What you will do: An exact copy of every entry is required, without the pictures.
= Beginning of Section =
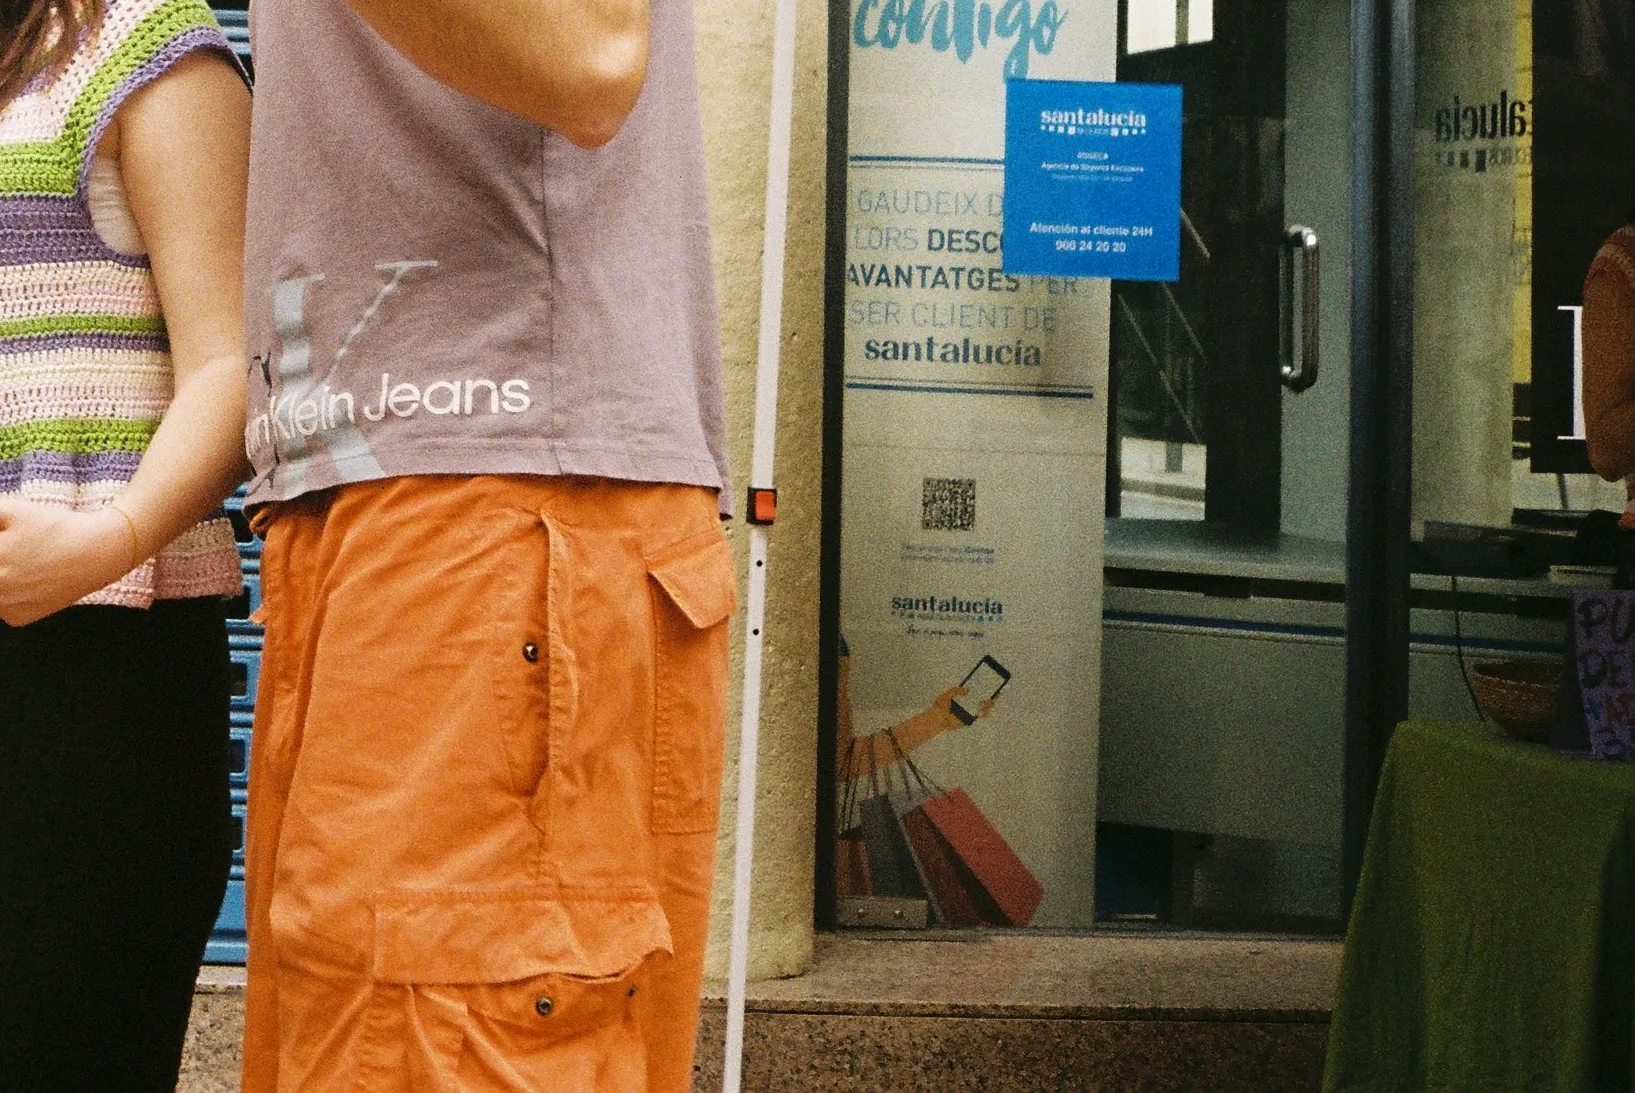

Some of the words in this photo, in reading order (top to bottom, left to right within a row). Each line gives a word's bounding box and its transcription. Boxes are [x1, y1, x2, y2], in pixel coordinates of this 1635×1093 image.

[857, 189, 978, 216] GAUDEIX
[927, 228, 1004, 253] DESC
[1080, 224, 1091, 235] al
[1079, 240, 1093, 251] 24
[851, 300, 901, 326] SER
[911, 302, 1015, 330] CLIENT
[1023, 306, 1058, 333] DE
[364, 373, 532, 423] Jeans
= End of Section =
Final answer:
Some of the words in this photo, in reading order (top to bottom, left to right within a row). Each line gives a word's bounding box and its transcription. Boxes are [x1, y1, x2, y2], in pixel coordinates of this 1635×1093 image.

[857, 189, 978, 216] GAUDEIX
[927, 228, 1004, 253] DESC
[1080, 224, 1091, 235] al
[1079, 240, 1093, 251] 24
[851, 300, 901, 326] SER
[911, 302, 1015, 330] CLIENT
[1023, 306, 1058, 333] DE
[364, 373, 532, 423] Jeans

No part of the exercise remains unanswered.